In the center generally is a fountain, around which are gathered potted plants and palms; here the family gathers and friends are received and entertained. The normal man, in his private life, hates publicity and craves retirement.
Houses thus built present this to the best advantage, as the interior of the building can be made very attractive and livable. The exterior walls can be opened by use of arches or posts, giving spacious porches for those who desire them. In the larger courts, trees were planted, and rose bushes were cultivated.
From the fountain often ran streams of water carried off in open channels, around which flowers were planted. These interior courts of the Spanish Missions were used first as centers for protection, within which the monks were safe and free from anxiety. Here they would congregate in leisure hours and take their exercise. Then they began to beautify the open space, which resulted in the adoption of forms similar to the luxuriant and charming formal gardens.
The writer does not advocate the Spanish Mission as the best type of architecture to be followed universally, but this argument is intended to show how it can be adapted, and how appropriate it is to surburban life,
First and foremost we must build with the materials at our disposal. We are entering upon a period of wood famine. The lavish use of wood as in former days, must be curtailed, and it will soon be out of the question as a building,material. We are by necessity rapidly advancing to the concrete and cement age, following the footsteps of the old world. Concrete is being used in buildings in this country more to-day than ever before. It is easy of construction when properly handled and does not require skilled labor in its formation. Thus the expense is reduced. This is a marked advantage, especially in the country where masons for stone and brick work are scarce and often must be transported from the city. The outside face of the walls is covered with cement or stucco, forming window and door jambs, and, with the roofs of tile, the use of wood is reduced to a minimum. It is not necessary that the walls be built of concrete for this style of building, as brick or stone will answer the purpose in place of the concrete. Tiled roofs are generally used. Where the floors are exposed to the rain and moisture, as in porches and cloisters, flat tiles are used. This flooring is good, and economical, as it requires practically no attention.
More and more the desire is growing for baths and plunges. The "Roman bath" seems to be returning to popular use.

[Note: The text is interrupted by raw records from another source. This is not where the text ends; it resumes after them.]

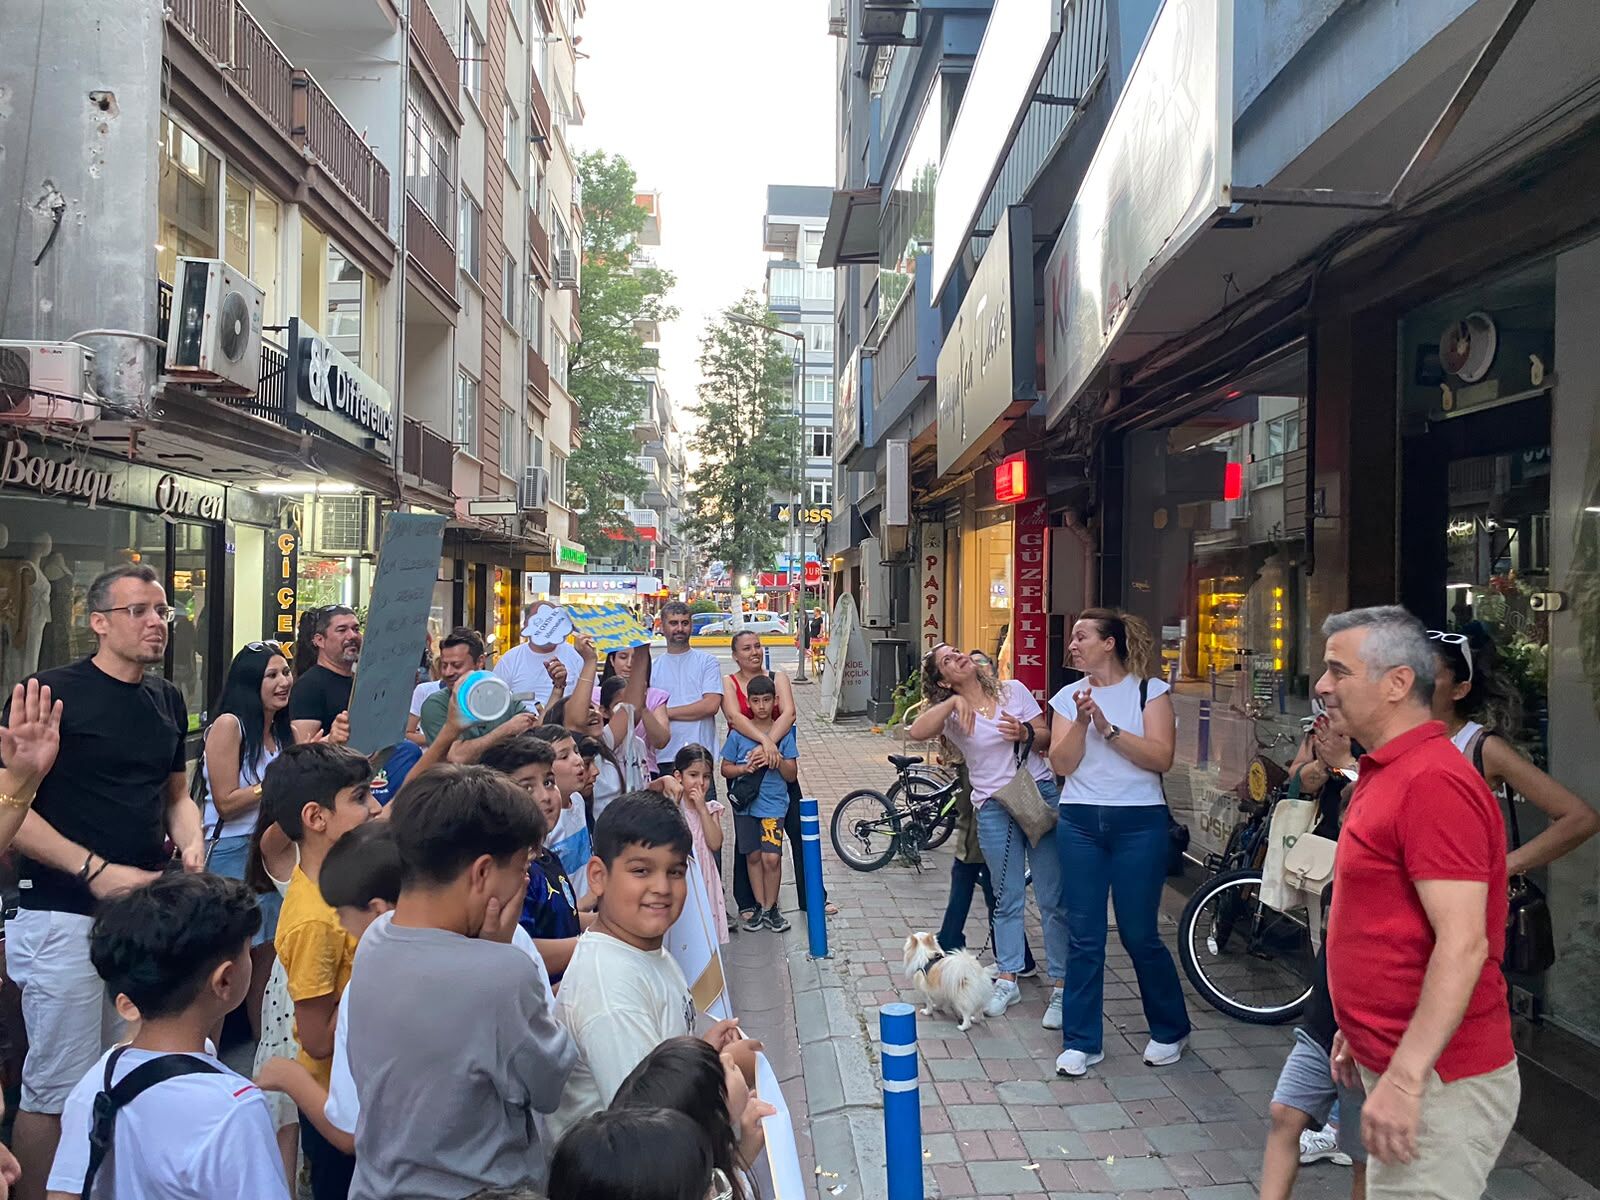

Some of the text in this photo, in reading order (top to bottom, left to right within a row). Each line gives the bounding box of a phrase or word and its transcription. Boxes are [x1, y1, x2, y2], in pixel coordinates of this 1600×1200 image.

[336, 364, 393, 442] Difference
[0, 438, 224, 524] Boutiqu Quen
[277, 533, 295, 659] ÇİÇEK
[924, 555, 939, 649] PAPAT
[1018, 533, 1043, 666] GÜZELLİK
[833, 660, 863, 669] OKİDE
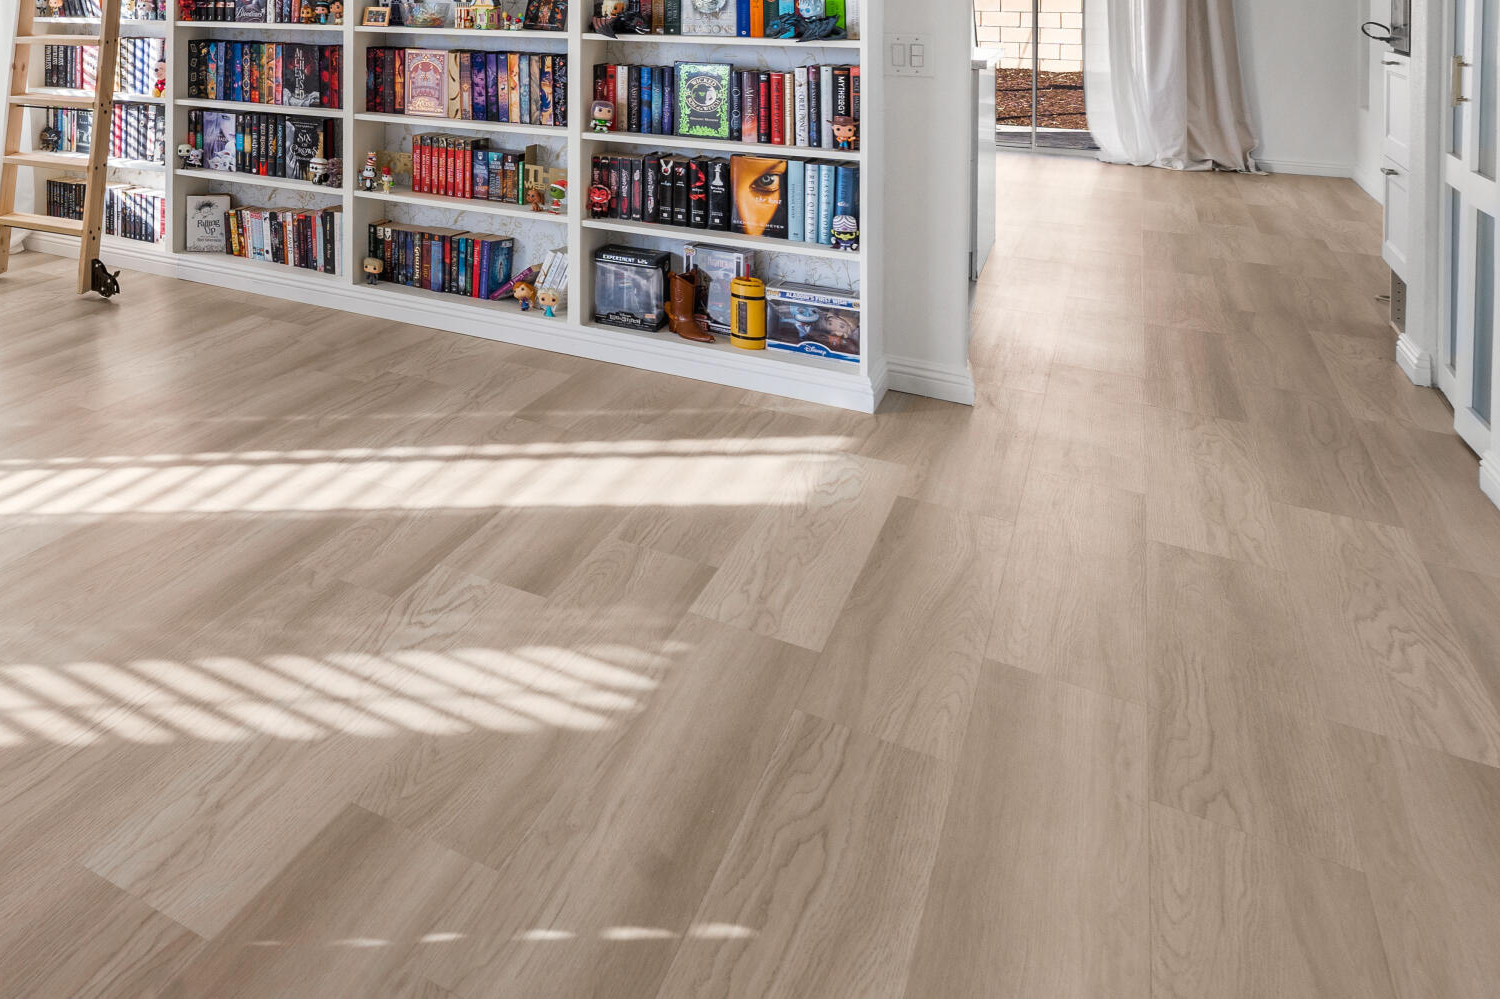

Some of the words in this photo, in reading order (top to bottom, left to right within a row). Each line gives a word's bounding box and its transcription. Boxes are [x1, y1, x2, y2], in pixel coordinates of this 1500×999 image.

Where land can be used freely the bath can be connected with the main house very conveniently in this type of building, surrounding it with rooms or with a blank wall as desired. In similar manner can be constructed the stable or garage.
The old Mission and Mexican buildings were almost hidden by trees, and for those who appreciate landscape gardening this type of building affords a splendid opportunity for enrichment with planting.

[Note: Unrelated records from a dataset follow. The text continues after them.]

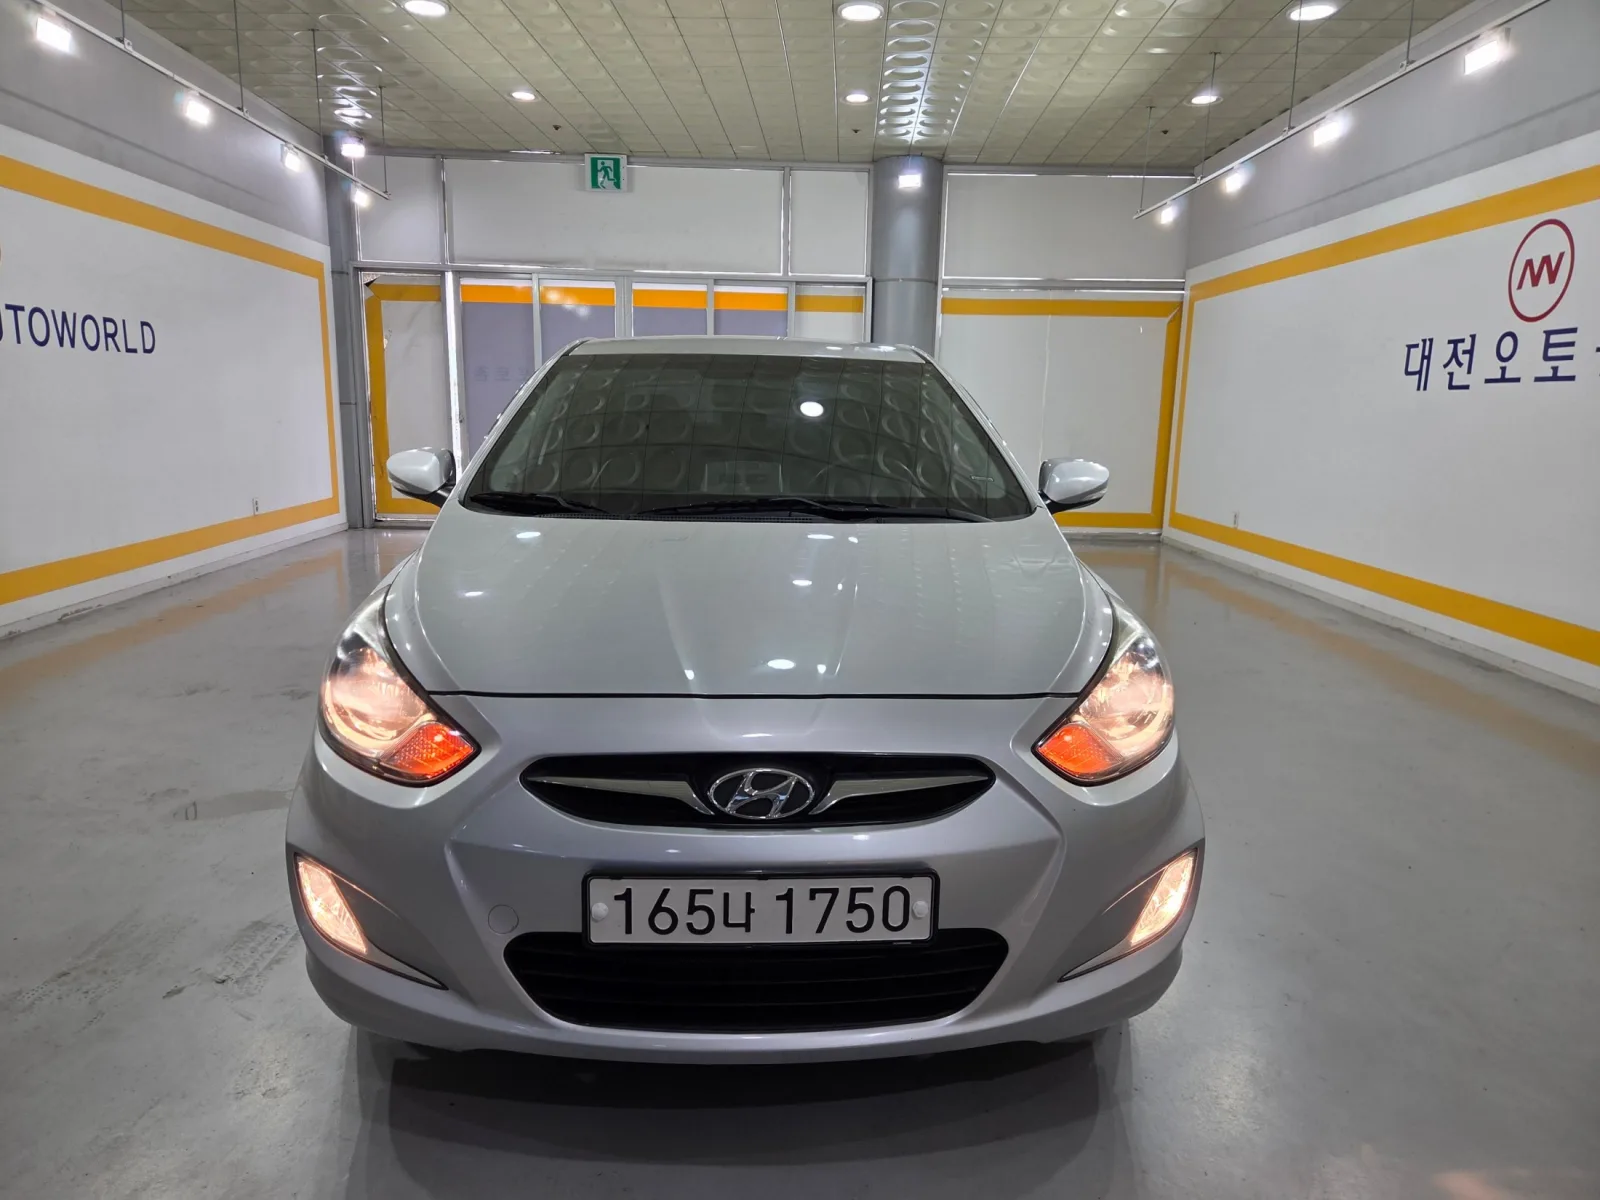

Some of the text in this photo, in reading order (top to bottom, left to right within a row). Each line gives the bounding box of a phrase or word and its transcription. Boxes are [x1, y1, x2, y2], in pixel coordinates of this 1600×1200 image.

[0, 303, 156, 354] TOWORLD
[1404, 326, 1600, 391] 대전오토
[613, 885, 911, 935] 165나 1750
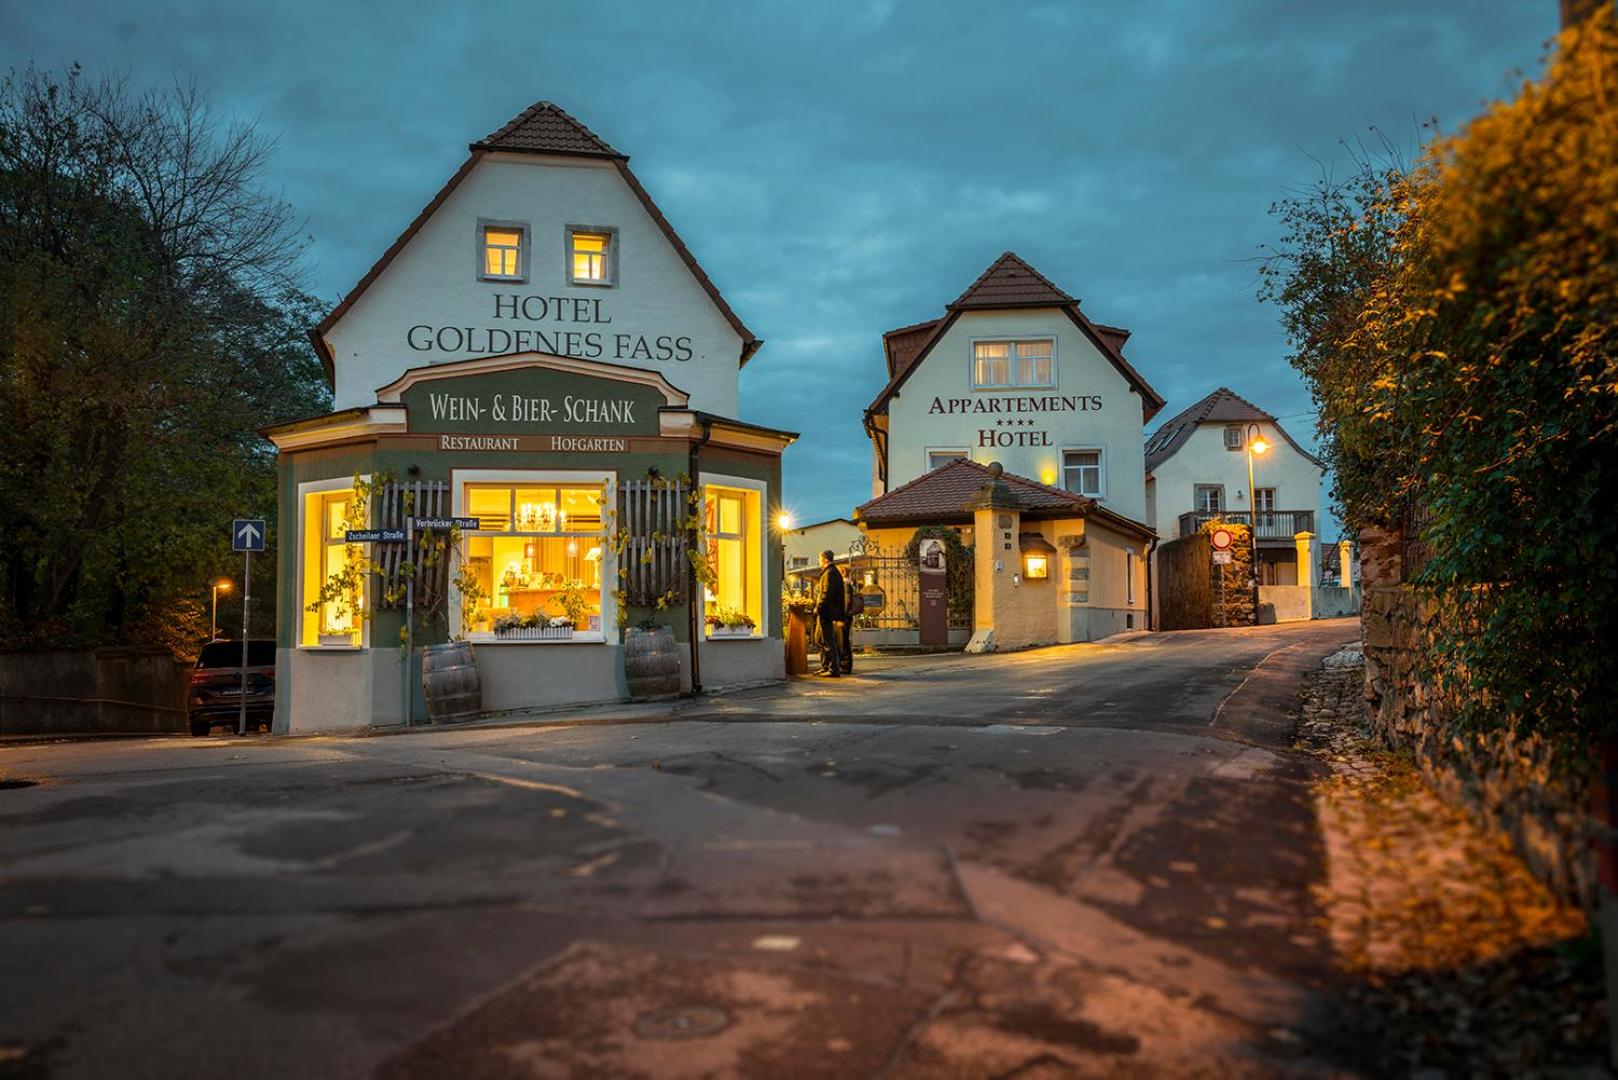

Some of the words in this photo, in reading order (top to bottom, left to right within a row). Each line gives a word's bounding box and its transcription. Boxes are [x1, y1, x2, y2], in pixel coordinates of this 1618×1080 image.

[492, 293, 612, 324] HOTEL
[407, 325, 603, 358] GOLDENES
[613, 333, 693, 362] FASS
[491, 394, 507, 422] &
[563, 395, 636, 424] SCHANK
[928, 395, 1103, 415] APPARTEMENTS
[441, 435, 520, 451] RESTAURANT
[550, 435, 625, 452] HOFGARTEN
[977, 429, 1054, 448] HOTEL
[416, 519, 452, 528] Vorbrücker
[383, 530, 404, 540] Straße

This Mission style of architecture is not applicable to congested city uses, where land is so valuable and height of building is the ambition, but when applied to country or suburban uses, what is more appropriate? What can be more refreshing than after the labors of the day to leave the city with its confusion and jumbled collection of all kinds and styles of architecture, as seen in the average business streets of all our cities, to come to the country home with its quiet and rest?
The modern houses of red brick, the fanciful reproduction and imitations of castles and chateaux, often perched in the most inappropriate positions, become irksome. Instead of this we come to the quiet and restful Mission with its setting of trees, flowers, vines and gardens.